I would do anything be anything to know her and know about her. Dressed in dark green, a spy! I worked to show them how worthy I was, how useful, to show them how I admired what they were and how I wanted to be like them and one of them. How much time did I have? Only until the big man arrived, I had only that time to prove I shouldn’t be thrown out on my ass.

Of course I couldn’t express to Libby even the most idly curious question about this princess living on the grounds. But she had loved showing me the guest book and I thought from her same peasant identification with Bennett wealth she would enjoy the wonder on my face as she secretly showed me the main house, where they lived and had their lives and Charlie Chaplin and the one-named kings sat down to dinner.

The Bennetts not at home there was a bending of the rules: on Saturday night two Loon Lake station wagons pulled out leaving a skeleton staff.

On Sunday afternoon with the sun coming through the trees at low angles to light the rooms, through rectangles of sun along dark corridors, Libby and I tiptoed about the vast upstairs with its hall alcoves of casement windows and window seats and bookshelves and its suites of rooms, each with its generous shade porch, and Adirondacks chairs and sofas.

Whatever empty room I saw led my mind to the next room, the next turn in the corridor, everywhere the light off the lake cast its silvery shimmer on the walls or in my eyes as we passed open doorways.

One wing was closed off. “We can’t go there,” Libby said.

“Why not?” I asked, casual as I could be.

“It’s the Bennetts’ wing, where they stay.”

“Is someone there?”

“No. But I wouldn’t feel right about it. Rose and Mary take care of it,” she said.

She led me down a back stair through a kitchen with two black steel ranges and pantries of provisions and several iceboxes each crowned with its humming cylindrical motor.

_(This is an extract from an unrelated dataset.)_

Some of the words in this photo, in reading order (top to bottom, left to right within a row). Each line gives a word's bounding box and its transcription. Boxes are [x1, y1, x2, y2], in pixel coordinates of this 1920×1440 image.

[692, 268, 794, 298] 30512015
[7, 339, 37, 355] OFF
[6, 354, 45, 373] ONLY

Through a room of glass cabinets filled with sets of china and drawers of silver service.

Through the hexagonal dining room, three walls of glass and a table hexagonal in shape to seat thirty people.

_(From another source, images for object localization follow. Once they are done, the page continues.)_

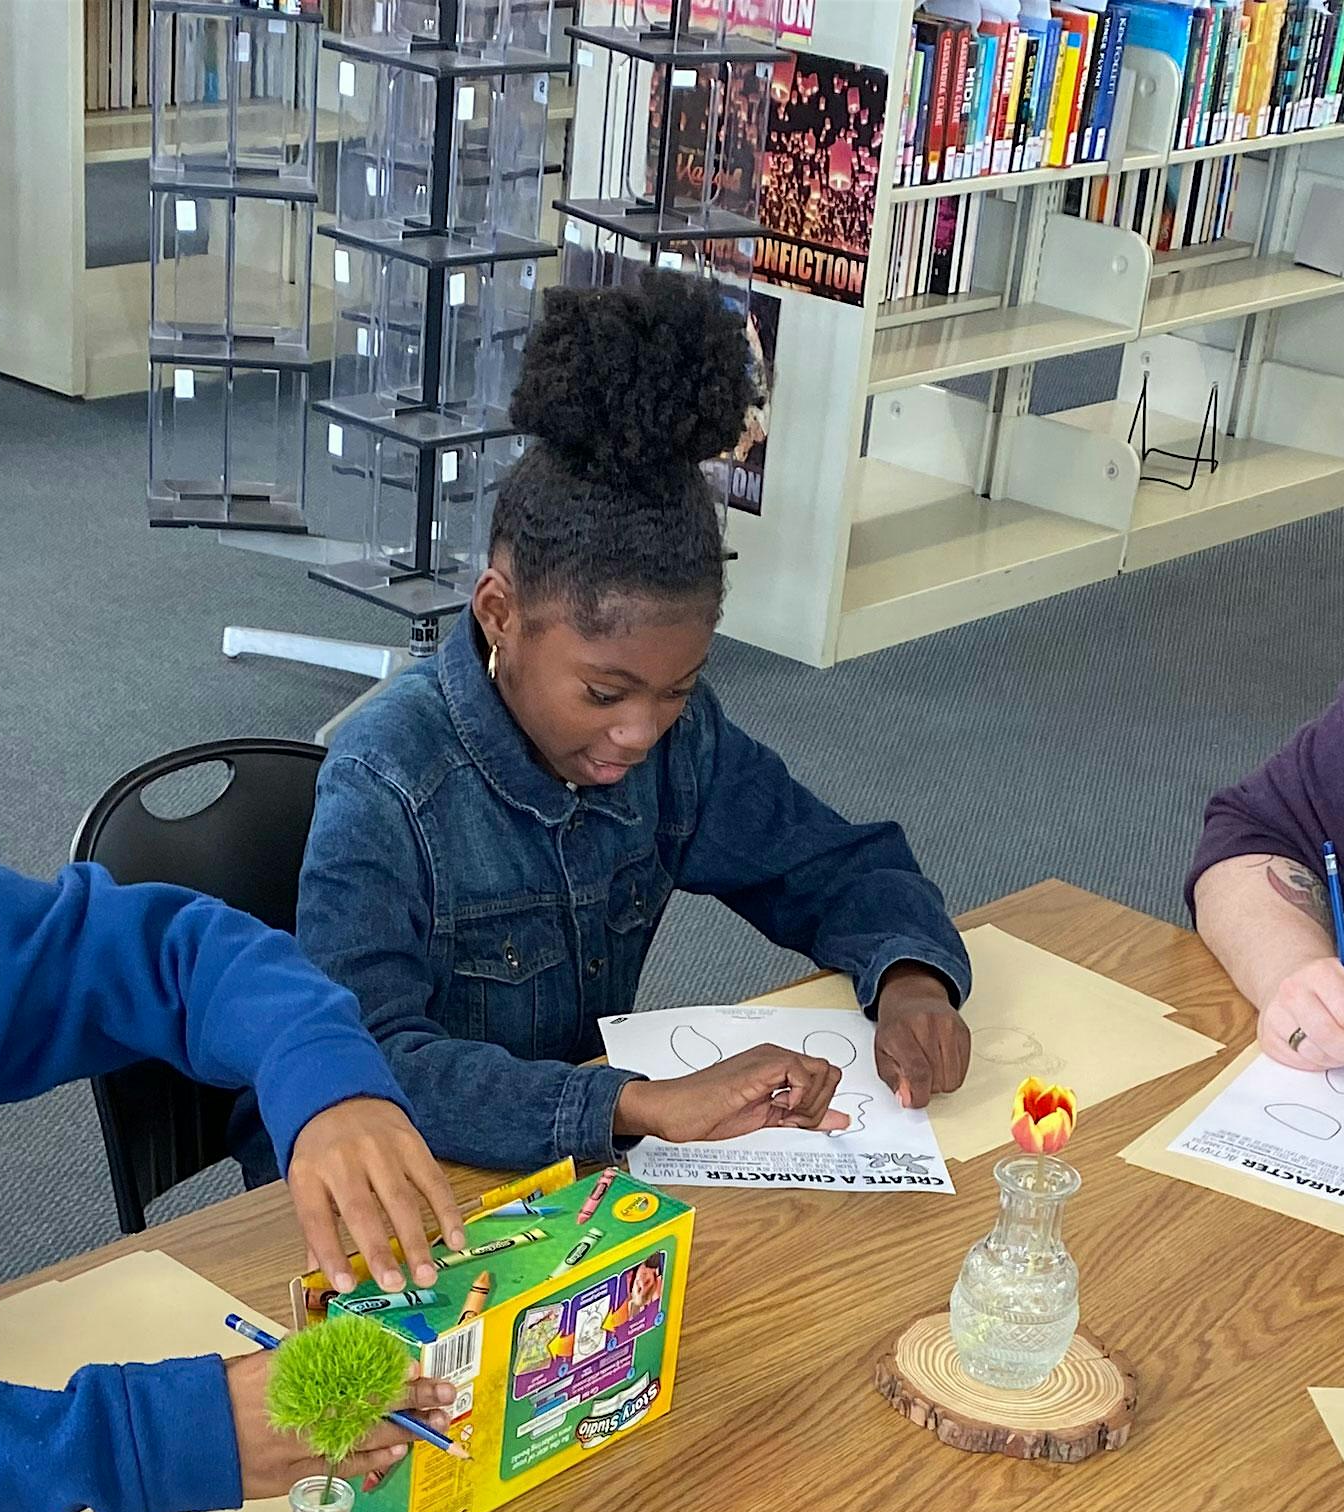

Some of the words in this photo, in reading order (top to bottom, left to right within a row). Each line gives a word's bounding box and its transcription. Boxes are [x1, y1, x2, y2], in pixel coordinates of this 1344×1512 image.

[961, 66, 976, 114] HIDE
[754, 236, 864, 294] ONFICTION
[704, 1169, 834, 1184] CHARACTER
[836, 1174, 856, 1184] A
[862, 1174, 945, 1186] CREATE
[621, 1383, 658, 1421] Story
[578, 1414, 620, 1436] Studio

To the huge living room, the grandest room of all, with tan leather couches built into the walls, the walls hung with the heads of trophy. There were two different levels of game tables and racks of magazines and clusters of stuffed chairs all looking out enormous windows to the lake.

I found myself tiptoeing, with a sense of intrusion, my chest constricted — and something else — the thinnest possibility of destructive intent, some very fine denial on my part to submit to awe. “Of course this is just one of their places,” Libby said. “Can you imagine?”

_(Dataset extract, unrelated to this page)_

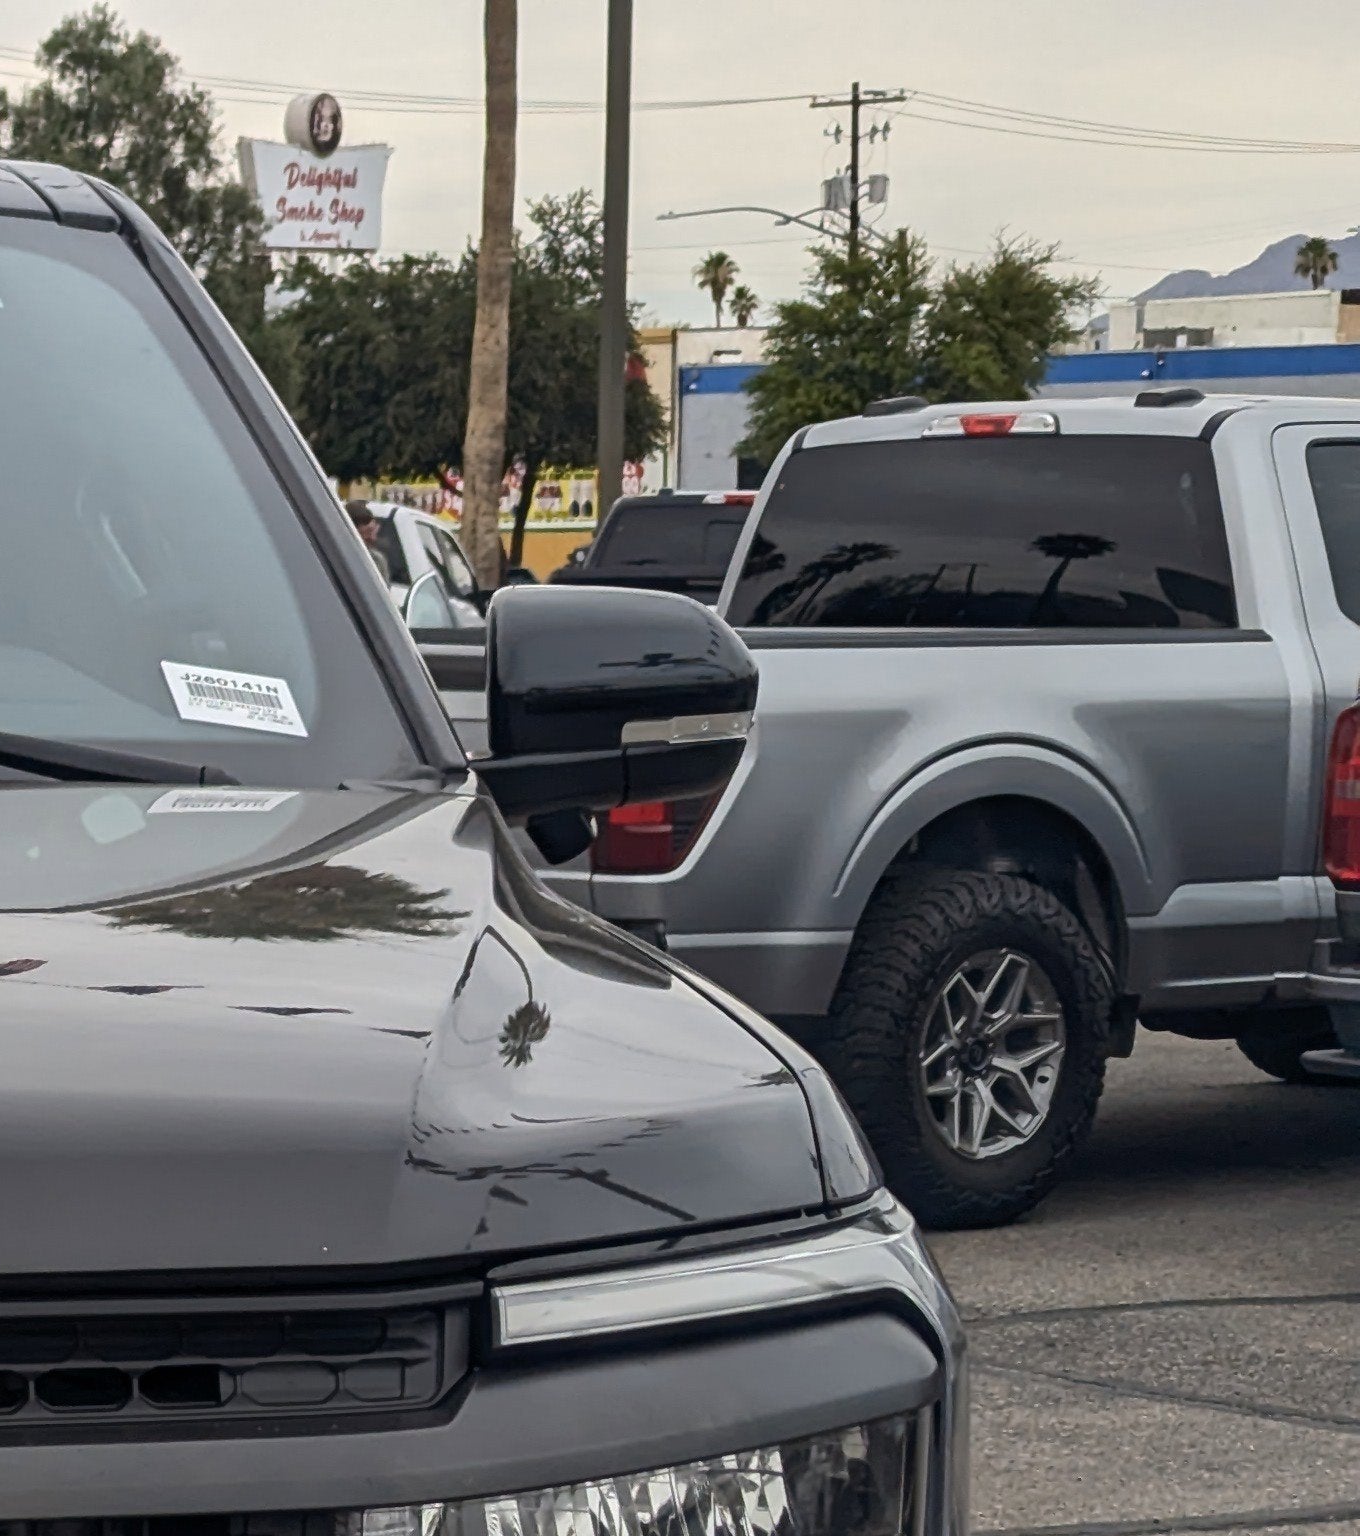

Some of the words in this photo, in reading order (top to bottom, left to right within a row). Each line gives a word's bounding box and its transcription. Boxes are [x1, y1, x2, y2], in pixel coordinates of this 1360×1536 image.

[283, 162, 359, 195] Delightful
[275, 196, 323, 223] Smoke
[328, 198, 364, 230] Shop

One or two steps up and we were in the entrance hall. The walls were of dark rough wood. We stood under a chandelier made from antlers. I gazed up a wide curved staircase of halved logs polished to a high shine, with balusters of saplings. I gazed at this as at the gnarled and swirling access to a kingdom of trolls.

“Don’t you love roughing it?” I said to Libby, running her up the staircase. “What!” she cried, but laughing too, entirely subject to my mood. In the long upstairs corridor I placed her hand on my arm and strolled with her as if we were master and mistress. I led her into one of the suites and flinging open the glass doors of the porch, I extended my arm and said, “Let us enjoy the view that God in his wisdom has arranged for us, my deah.” She swept past me giggling in the game and we stood in the sun side by side looking over the kingdom.